在Ruby中,变量本质上是指向包含对象的内存中的位置的指针 - 而不是对象本身。在第二个示例中,您正在初始化常量X以指向第一行中的对象(X =“hello”),而在第二行中,您将再次初始化常量 - 但它已经指向一个对象,所以你得到错误。
A constant's immutability doesn't mean you can't alter the object -- it just means you can't change the constant to point to another object.
常量的不变性并不意味着你不能改变对象 - 它只是意味着你不能改变常量来指向另一个对象。
#3
4
If you want to make your string "real" constant, try 'freeze':
如果你想让你的字符串“真实”不变,试试'冻结':
X = "foo".freeze # => "foo"
X.concat("bar")
TypeError: can't modify frozen string
from (irb):2:in `concat'
from (irb):2
I really encourage you to read The Ruby Programming Languge.
我真的很鼓励你阅读Ruby Programming Languge。
#4
0
This is because the constant X is storing a reference to a String object. In your first example, you are modifying the internal state of the String object, but not the reference stored by the constant. In the second example, you are changing the reference stored by the constant to a new String object which is returned from the concat method.
这是因为常量X存储对String对象的引用。在第一个示例中,您正在修改String对象的内部状态,但不修改常量存储的引用。在第二个示例中,您将常量存储的引用更改为从concat方法返回的新String对象。
The PickAxe book explains this here.
PickAxe书在这里解释了这一点。
#1
6
This is because you're re-defining a new X. When you redefine a constant it gives you the "already initialized" error.
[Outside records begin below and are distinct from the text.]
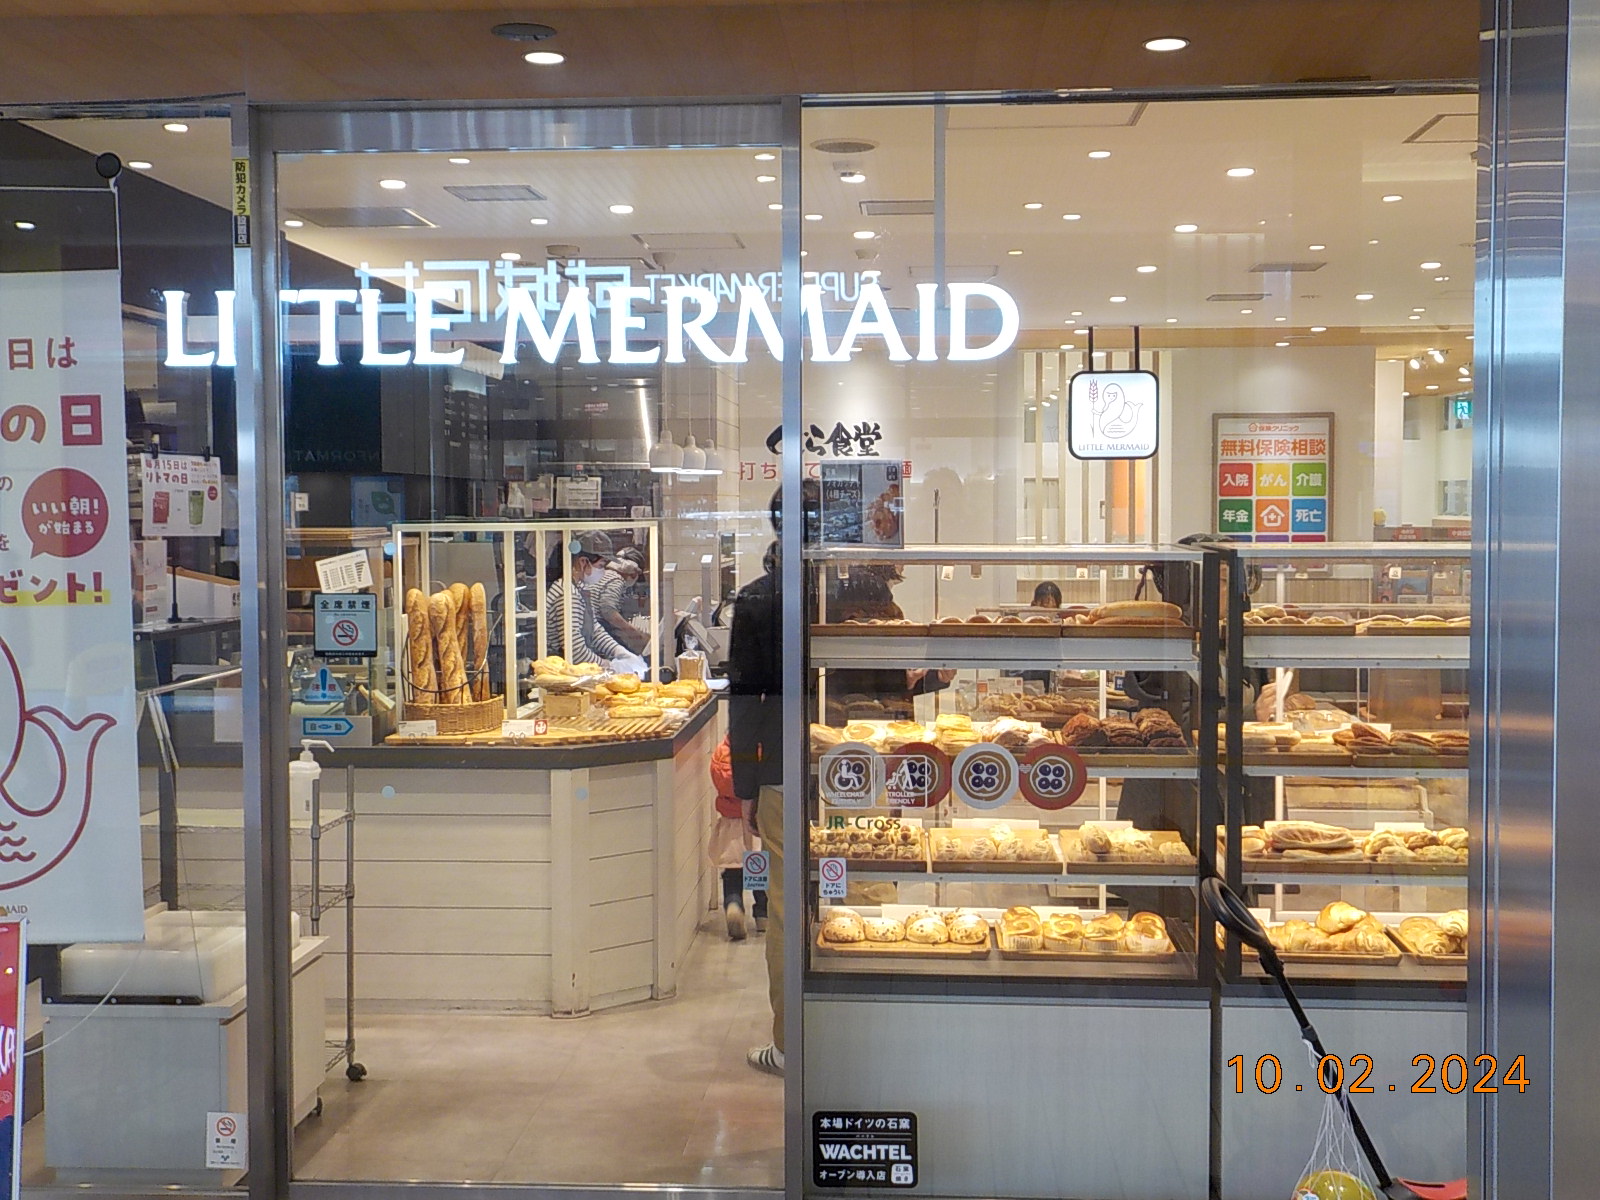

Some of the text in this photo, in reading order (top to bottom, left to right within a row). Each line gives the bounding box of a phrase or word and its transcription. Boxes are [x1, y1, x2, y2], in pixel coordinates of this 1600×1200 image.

[235, 161, 247, 215] 防犯カメラ
[163, 282, 1021, 367] LITLE MERMAID
[0, 394, 103, 446] の日
[1106, 443, 1150, 451] MERMAID
[1221, 438, 1326, 456] 無料保険相談
[145, 459, 188, 470] 毎月15日は
[145, 472, 188, 484] リトマの日
[1223, 473, 1249, 487] 入院
[1260, 473, 1287, 487] がん
[1296, 473, 1322, 487] 介護
[31, 496, 99, 516] いい朝!
[1222, 509, 1249, 523] 年金
[1295, 508, 1322, 523] 死亡
[38, 520, 94, 535] が始まる
[320, 599, 370, 610] 全席禁煙
[820, 1116, 910, 1130] 本場ドイツの石窯
[819, 1143, 912, 1160] WACHTEL
[820, 1169, 886, 1181] オーブン導入店
The first example does not give this error because you're not redefining X, you're modifying it.
这是因为你正在重新定义一个新的X.当你重新定义一个常量时,它会给你“已经初始化”的错误。第一个例子没有给出这个错误,因为你没有重新定义X,你正在修改它。
#2
7
In Ruby, variables are essentially pointers to a place in a memory containing an object -- not the object itself. In the second example, you are initializing a constant X to point to an object in the first line (X = "hello"), and in the second line, you are again initializing the constant -- but it already points to an object, so you get the error.
在Ruby中,变量本质上是指向包含对象的内存中的位置的指针 - 而不是对象本身。在第二个示例中,您正在初始化常量X以指向第一行中的对象(X =“hello”),而在第二行中,您将再次初始化常量 - 但它已经指向一个对象,所以你得到错误。
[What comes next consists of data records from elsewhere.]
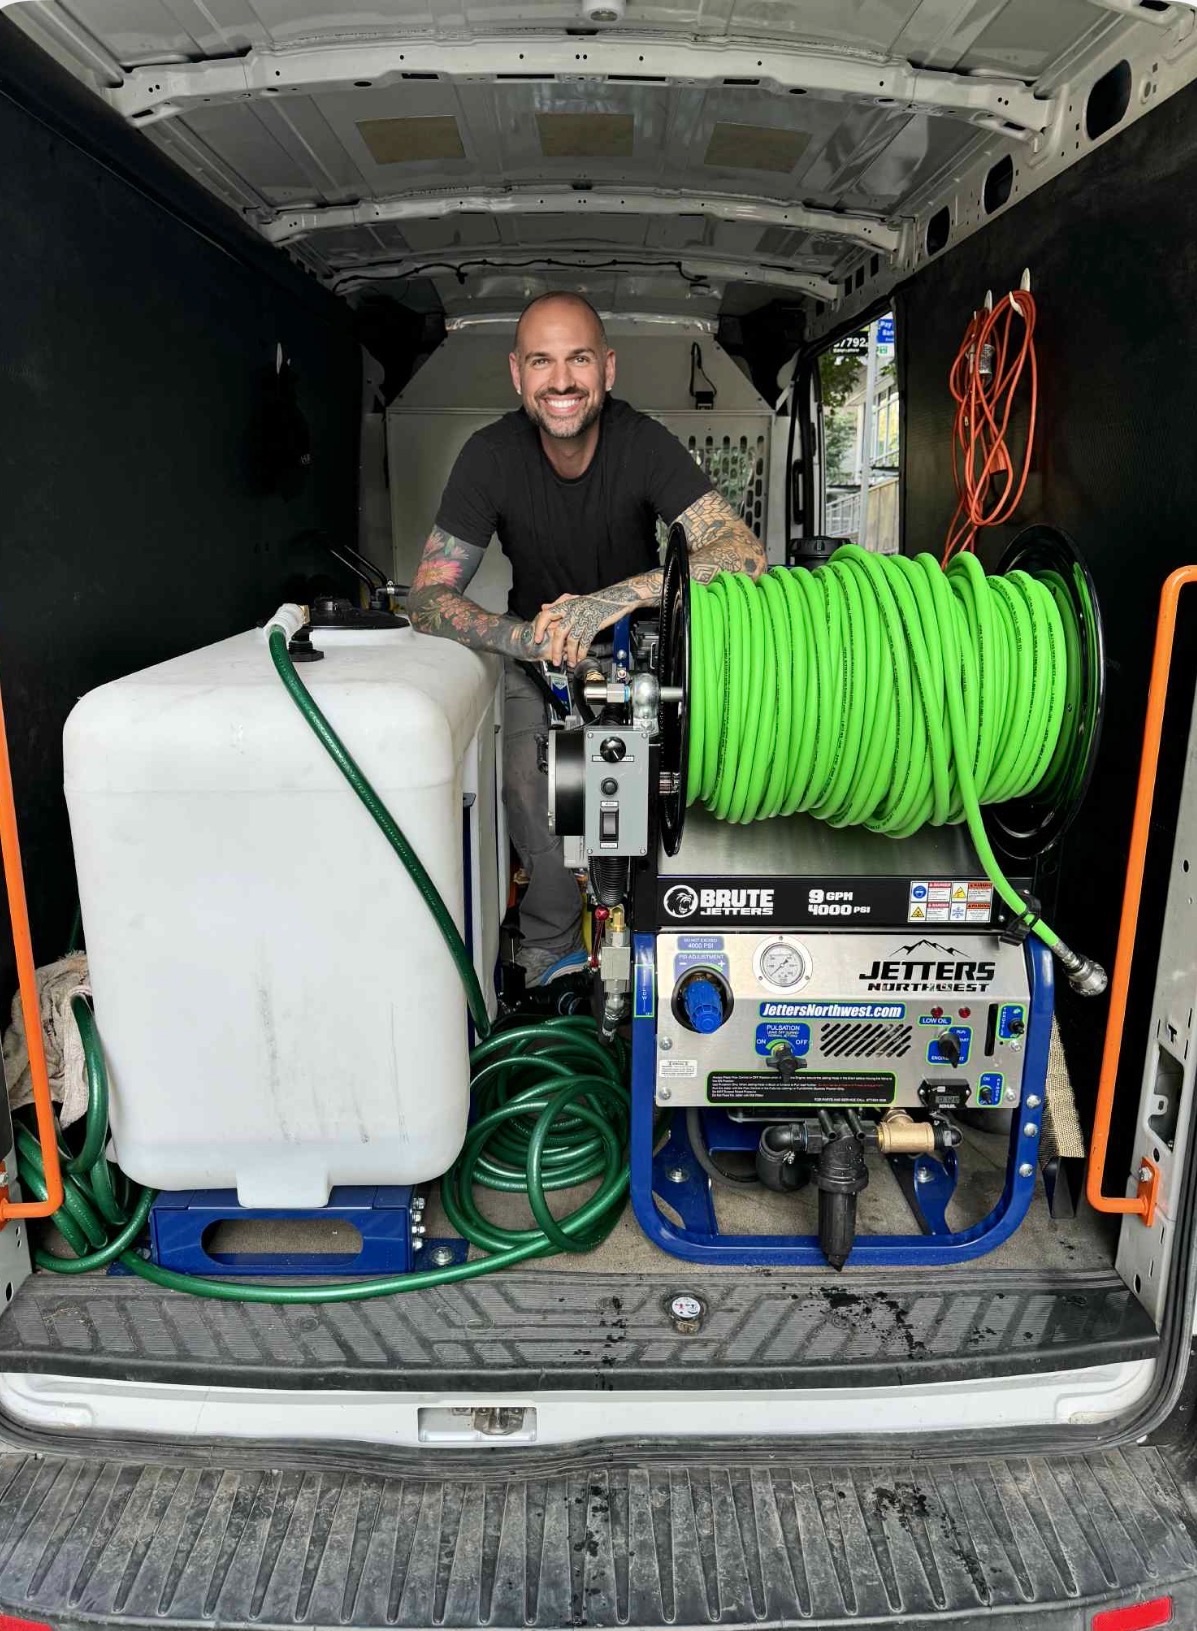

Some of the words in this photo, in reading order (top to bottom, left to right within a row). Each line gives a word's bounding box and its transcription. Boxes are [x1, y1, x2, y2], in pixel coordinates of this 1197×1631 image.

[700, 889, 775, 908] BRUTE
[808, 889, 824, 904] 9
[826, 891, 854, 901] GPM
[700, 907, 774, 916] JETTERS
[808, 904, 852, 915] 4000
[853, 906, 871, 914] PSI
[859, 961, 996, 981] JETTERS
[868, 983, 990, 992] NORTHWEST
[763, 1003, 902, 1018] JettersNorthwest.com
A constant's immutability doesn't mean you can't alter the object -- it just means you can't change the constant to point to another object.
常量的不变性并不意味着你不能改变对象 - 它只是意味着你不能改变常量来指向另一个对象。
#3
4
If you want to make your string "real" constant, try 'freeze':
如果你想让你的字符串“真实”不变,试试'冻结':
X = "foo".freeze # => "foo"
X.concat("bar")
TypeError: can't modify frozen string
from (irb):2:in `concat'
from (irb):2
I really encourage you to read The Ruby Programming Languge.
我真的很鼓励你阅读Ruby Programming Languge。
#4
0
This is because the constant X is storing a reference to a String object. In your first example, you are modifying the internal state of the String object, but not the reference stored by the constant. In the second example, you are changing the reference stored by the constant to a new String object which is returned from the concat method.
这是因为常量X存储对String对象的引用。在第一个示例中,您正在修改String对象的内部状态,但不修改常量存储的引用。在第二个示例中,您将常量存储的引用更改为从concat方法返回的新String对象。
The PickAxe book explains this here.
PickAxe书在这里解释了这一点。